[Spatial localization data]
* * * * *

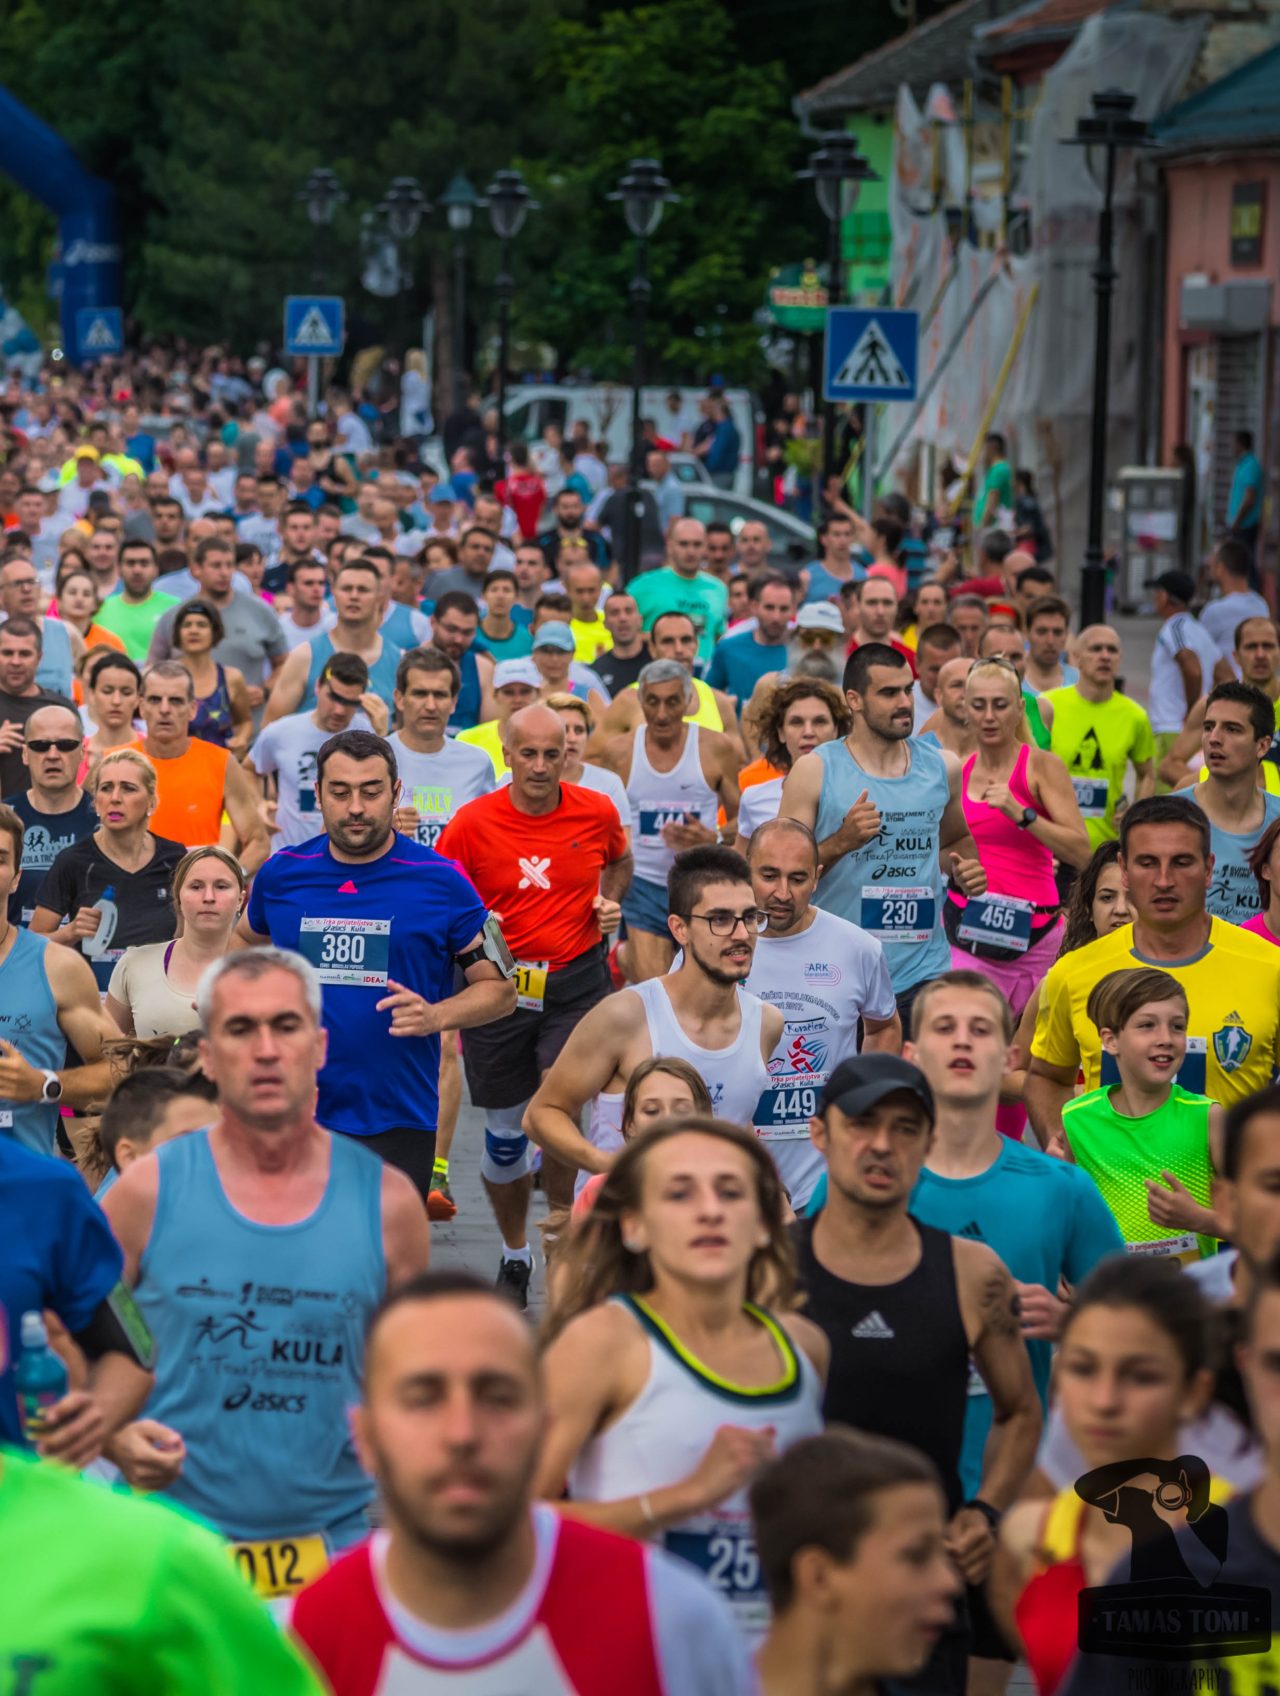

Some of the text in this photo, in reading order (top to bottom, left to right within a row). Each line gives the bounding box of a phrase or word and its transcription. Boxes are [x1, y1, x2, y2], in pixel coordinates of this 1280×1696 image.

[896, 837, 932, 851] KULA
[21, 856, 39, 864] KOLA
[888, 866, 917, 878] asics
[882, 901, 918, 924] 230
[981, 905, 1016, 931] 455
[322, 933, 365, 964] 380
[809, 963, 829, 972] ARK
[772, 1089, 816, 1118] 449
[251, 1392, 306, 1413] asics

* * * * *

- [GOAL OF THE EXERCISE] Every entry above should be printed again exactly, except for the pictures.

- [ANSWER BOX]
Some of the text in this photo, in reading order (top to bottom, left to right within a row). Each line gives the bounding box of a phrase or word and its transcription. Boxes are [x1, y1, x2, y2], in pixel coordinates of this 1280×1696 image.

[896, 837, 932, 851] KULA
[21, 856, 39, 864] KOLA
[888, 866, 917, 878] asics
[882, 901, 918, 924] 230
[981, 905, 1016, 931] 455
[322, 933, 365, 964] 380
[809, 963, 829, 972] ARK
[772, 1089, 816, 1118] 449
[251, 1392, 306, 1413] asics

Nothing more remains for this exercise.